Dove lavorava l’Avelli prima di stabilirsi a Urbino nel 1530?  Probabilmente all’interno del Ducato, e qui deve aver fatto il suo apprendistato, poiché dipinge e colora come i pittori di maioliche urbinati e durantini. In questa fase precoce è possibile che egli si spostasse da un centro all’altro, e che attorno al 1528-29 frequentasse la bottega di Giorgio Andreoli a Gubbio. Fra tutti i pittori di istoriati, infatti, Francesco è quello che con più continuità utilizza il lustro di tipo eugubino, e questo sembra indicare una consuetudine e dei rapporti amichevoli con gli Andreoli, che permangono anche quando ormai il pittore ha fatto di Urbino la propria residenza. Nel 1531, su alcuni suoi piatti istoriati compare la scritta in Urbino, e tuttavia recano il lustro di Gubbio. In proposito, il Mallet segnalò per primo un fatto curioso: sugli esemplari firmati  “in Urbino” dal 1531 al ’33 i racemi a lustro sul retro sembrano voler coprire intenzionalmente sia  il nome dell’ Avelli che quello della città, come se Maestro Giorgio, che in precedenza era stato l’unico a siglare le opere dell’Avelli, fosse irritato da questa manifestazione di orgoglio e indipendenza[8]. In seguito il fenomeno cessa, e il lustro non si sovrappone più alla scritta in blu. Chi applicava il lustro sulle opere urbinati dell’Avelli? C’è da credere, come avveniva un tempo, che il vasellame venisse trasportato a Gubbio presso la bottega Andreoli per venirvi lustrato? Noi riteniamo che nella stessa Urbino vi fosse una specie di succursale, gestita da uno dei figli di Maestro Giorgio, Vincenzo. A riprova, a partire dal 1532 quasi tutte le opere a lustro dell’Avelli sono contrassegnate dalla lettera N, che si ritiene il monogramma di Vincenzo Andreoli. Questi nel 1538 affittò la bottega di Nicola da Urbino, morto da poco, e il 13 marzo 1544 acquisì la cittadinanza urbinate[9]. Ancora nel 1546 troviamo tracce di Vincenzo a Urbino, quale testimone il 22 febbraio di un atto notarile, nel quale viene definito abitante di Urbino (incola Urbini). Il 2 febbraio dell’anno successivo però egli appare definitivamente rientrato a Gubbio, e regola formalmente i rapporti col fratello nella gestione della bottega paterna[10]. In coincidenza, il lustro sembra esaurirsi lentamente a Urbino.  

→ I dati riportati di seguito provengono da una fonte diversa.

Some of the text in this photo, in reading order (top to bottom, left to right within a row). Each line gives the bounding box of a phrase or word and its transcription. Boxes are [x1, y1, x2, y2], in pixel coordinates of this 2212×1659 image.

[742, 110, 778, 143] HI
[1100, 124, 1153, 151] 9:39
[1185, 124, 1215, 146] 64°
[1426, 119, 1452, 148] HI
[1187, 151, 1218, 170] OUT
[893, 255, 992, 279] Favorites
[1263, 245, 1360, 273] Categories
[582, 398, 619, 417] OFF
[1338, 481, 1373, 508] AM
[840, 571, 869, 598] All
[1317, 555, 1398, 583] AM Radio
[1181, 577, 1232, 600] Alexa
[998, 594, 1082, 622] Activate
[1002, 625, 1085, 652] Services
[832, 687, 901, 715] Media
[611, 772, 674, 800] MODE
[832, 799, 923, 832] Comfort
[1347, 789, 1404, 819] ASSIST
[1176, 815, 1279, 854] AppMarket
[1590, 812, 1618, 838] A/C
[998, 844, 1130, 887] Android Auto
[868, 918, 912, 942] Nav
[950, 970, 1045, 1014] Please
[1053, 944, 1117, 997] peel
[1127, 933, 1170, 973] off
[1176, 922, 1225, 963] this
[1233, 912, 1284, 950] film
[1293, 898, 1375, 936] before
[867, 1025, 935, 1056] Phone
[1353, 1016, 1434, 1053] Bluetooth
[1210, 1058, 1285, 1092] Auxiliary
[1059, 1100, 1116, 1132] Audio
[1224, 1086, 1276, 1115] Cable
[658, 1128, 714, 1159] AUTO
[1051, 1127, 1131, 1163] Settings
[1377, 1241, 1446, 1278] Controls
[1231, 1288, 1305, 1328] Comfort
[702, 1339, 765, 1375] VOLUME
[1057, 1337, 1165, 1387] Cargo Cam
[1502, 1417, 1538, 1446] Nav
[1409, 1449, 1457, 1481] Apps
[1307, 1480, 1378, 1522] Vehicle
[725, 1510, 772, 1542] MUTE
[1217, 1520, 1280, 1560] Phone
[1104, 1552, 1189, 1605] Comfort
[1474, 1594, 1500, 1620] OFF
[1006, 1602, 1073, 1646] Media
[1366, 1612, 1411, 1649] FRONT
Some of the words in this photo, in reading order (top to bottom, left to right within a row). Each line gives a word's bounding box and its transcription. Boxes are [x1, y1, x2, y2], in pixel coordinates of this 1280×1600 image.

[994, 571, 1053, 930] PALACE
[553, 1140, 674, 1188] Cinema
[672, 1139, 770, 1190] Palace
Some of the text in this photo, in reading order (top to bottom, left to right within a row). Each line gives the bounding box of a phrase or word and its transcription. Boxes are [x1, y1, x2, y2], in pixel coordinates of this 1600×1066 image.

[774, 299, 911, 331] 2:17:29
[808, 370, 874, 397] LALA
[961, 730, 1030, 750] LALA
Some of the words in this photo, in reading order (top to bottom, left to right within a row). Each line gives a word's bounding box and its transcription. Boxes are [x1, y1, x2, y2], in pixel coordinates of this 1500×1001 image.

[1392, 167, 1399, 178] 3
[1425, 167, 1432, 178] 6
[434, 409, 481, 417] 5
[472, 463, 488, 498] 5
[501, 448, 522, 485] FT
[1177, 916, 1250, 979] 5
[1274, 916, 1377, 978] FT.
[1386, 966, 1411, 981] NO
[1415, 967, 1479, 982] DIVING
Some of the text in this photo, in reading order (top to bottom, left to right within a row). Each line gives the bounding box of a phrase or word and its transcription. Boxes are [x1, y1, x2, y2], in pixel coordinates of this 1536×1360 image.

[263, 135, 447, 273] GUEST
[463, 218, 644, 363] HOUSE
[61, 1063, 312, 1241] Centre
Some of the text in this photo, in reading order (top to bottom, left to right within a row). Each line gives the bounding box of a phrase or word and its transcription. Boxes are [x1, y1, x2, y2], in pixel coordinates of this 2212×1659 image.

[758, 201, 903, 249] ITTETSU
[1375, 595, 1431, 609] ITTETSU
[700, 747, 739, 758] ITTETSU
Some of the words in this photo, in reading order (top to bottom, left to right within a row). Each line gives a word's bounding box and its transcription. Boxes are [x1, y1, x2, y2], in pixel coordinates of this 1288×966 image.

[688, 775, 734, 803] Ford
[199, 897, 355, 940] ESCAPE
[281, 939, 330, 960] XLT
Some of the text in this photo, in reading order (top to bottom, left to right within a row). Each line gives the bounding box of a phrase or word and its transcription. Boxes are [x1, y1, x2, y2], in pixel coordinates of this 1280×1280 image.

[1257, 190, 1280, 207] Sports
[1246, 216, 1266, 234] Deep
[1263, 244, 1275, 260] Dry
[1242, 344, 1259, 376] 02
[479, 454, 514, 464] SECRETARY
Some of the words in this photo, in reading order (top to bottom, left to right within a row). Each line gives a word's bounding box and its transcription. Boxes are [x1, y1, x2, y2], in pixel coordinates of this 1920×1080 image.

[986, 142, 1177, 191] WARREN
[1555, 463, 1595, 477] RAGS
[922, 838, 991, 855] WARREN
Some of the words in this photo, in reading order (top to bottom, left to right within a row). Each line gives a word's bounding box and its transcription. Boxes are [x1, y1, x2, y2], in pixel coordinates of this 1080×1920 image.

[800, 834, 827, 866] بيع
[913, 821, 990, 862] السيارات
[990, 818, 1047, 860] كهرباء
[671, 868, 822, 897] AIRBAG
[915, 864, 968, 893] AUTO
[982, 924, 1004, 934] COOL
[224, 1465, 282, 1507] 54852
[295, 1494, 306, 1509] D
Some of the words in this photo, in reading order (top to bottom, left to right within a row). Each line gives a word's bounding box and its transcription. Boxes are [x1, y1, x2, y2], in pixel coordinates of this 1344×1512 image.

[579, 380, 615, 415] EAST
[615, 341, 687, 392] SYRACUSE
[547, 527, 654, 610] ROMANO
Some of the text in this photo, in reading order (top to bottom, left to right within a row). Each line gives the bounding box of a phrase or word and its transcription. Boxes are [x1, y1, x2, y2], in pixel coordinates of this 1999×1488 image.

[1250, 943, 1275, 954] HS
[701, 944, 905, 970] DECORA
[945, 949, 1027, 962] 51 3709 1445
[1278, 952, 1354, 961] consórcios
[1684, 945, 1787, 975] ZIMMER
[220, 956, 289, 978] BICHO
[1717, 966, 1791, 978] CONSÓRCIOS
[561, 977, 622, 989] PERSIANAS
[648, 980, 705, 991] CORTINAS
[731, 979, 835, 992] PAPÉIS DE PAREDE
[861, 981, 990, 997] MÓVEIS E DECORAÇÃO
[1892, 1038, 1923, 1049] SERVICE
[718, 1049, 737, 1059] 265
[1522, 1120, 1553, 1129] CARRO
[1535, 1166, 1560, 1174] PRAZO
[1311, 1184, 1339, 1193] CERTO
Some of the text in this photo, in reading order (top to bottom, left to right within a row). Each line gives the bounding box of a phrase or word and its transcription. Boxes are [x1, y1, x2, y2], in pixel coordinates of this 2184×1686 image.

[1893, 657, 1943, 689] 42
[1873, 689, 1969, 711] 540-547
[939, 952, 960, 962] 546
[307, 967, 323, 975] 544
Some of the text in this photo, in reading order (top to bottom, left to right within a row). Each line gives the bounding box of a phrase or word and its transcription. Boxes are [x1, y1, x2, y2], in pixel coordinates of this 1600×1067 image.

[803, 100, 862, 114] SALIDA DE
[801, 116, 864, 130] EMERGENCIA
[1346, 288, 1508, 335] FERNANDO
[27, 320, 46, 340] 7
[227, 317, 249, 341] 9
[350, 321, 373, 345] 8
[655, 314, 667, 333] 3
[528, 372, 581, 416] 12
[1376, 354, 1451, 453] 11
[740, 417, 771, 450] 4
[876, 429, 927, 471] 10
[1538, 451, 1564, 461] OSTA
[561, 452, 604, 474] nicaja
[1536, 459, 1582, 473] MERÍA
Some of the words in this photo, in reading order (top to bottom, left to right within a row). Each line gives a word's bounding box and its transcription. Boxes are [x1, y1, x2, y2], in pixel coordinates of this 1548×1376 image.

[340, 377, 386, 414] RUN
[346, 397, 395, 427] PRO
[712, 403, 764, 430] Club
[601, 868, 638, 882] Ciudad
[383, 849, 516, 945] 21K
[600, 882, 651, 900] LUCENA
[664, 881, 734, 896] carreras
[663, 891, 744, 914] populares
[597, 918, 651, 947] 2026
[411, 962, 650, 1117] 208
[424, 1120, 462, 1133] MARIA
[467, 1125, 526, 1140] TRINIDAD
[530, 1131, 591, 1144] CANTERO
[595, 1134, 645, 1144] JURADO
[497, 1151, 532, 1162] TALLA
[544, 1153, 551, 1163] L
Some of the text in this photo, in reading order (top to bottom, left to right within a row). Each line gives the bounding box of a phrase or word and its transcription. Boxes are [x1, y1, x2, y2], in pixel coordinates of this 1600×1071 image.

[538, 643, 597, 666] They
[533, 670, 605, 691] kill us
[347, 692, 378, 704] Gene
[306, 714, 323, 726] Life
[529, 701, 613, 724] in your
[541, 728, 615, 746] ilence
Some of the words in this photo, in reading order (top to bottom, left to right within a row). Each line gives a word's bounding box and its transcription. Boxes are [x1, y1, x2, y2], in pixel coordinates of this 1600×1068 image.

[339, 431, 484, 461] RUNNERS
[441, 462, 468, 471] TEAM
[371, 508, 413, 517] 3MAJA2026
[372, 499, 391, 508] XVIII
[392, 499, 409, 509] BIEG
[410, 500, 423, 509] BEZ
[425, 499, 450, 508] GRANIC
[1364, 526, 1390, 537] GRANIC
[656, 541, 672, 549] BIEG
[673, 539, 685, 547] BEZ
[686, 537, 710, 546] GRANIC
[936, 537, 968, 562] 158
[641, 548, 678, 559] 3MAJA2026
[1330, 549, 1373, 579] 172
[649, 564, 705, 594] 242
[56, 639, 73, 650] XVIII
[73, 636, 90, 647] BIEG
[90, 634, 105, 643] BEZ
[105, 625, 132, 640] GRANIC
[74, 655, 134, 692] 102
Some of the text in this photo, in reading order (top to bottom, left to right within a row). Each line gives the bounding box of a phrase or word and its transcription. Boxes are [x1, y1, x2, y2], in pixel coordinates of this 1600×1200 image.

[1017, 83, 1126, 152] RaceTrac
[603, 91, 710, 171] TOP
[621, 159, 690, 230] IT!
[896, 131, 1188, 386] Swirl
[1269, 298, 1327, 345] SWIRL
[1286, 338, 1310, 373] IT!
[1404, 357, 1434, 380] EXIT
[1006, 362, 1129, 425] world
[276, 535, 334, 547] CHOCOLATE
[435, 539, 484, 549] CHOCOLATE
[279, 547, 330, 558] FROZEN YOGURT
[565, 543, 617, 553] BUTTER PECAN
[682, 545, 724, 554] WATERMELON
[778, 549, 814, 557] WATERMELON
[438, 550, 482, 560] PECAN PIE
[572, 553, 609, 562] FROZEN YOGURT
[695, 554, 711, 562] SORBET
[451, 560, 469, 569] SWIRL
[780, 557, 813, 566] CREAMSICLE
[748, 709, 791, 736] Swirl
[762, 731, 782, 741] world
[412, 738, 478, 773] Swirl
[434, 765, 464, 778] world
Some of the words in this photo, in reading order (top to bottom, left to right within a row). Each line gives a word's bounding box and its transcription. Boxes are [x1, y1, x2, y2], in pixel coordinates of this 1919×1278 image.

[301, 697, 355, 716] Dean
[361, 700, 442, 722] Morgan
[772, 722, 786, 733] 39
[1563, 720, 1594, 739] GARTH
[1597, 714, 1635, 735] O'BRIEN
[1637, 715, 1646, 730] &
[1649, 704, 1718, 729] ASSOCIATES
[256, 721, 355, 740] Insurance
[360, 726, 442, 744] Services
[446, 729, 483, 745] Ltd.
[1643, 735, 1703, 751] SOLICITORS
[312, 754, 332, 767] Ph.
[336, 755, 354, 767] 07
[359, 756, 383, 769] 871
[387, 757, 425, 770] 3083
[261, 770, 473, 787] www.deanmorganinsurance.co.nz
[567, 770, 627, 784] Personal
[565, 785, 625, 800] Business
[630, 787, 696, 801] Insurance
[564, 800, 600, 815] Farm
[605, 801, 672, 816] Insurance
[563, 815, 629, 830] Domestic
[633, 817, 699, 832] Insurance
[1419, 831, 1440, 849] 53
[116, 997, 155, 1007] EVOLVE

Menzionato nei documenti fra il 1523 e il 1564, Guido di Merlino fu anch’egli un importante maiolicaro, specializzato in istoriati con soggetti tratti dalla mitologia classica: almeno tredici opere menzionano la sua bottega[11], situata nel quartiere di San Polo, a sud del Palazzo Ducale, che vendette al nipote Maestro Baldo di Simone nel 1555[12]. I pittori impiegati presso di lui furono almeno quattro, fra cui  Francesco di Berardino, originario di Casteldurante .  Questi lavorò soprattutto fra il 1544 e il 45, firmandosi Francesco Durantino. Dal 1547 fino alla fine del 1556 gestì una fornace a Montebagnolo, presso Perugia, il cui proprietario Matteo Lang sembra facesse affari con gli incaricati papali per la costruzione della Rocca Paolina. Di questa trasferta umbra rimangono alcuni grandi rinfrescatoi ovali e una coppa su basso piede con Apollo che  scortica Marsia nel British Museum di Londra[13]. In seguito Francesco non pare tornasse a Urbino: nel 1566 un Francesco Di Bernardino di Casteldurante si trova a Roma, menzionato in un documento quale vascellarius seu fornaciarius et fabricator vasorum assieme al figlio Giovanni Antonio[14]. La sua attività continuò dunque a Roma, dove nel 1575 vendette la bottega ad Angelo Picchi, anch’egli originario di Casteldurante. 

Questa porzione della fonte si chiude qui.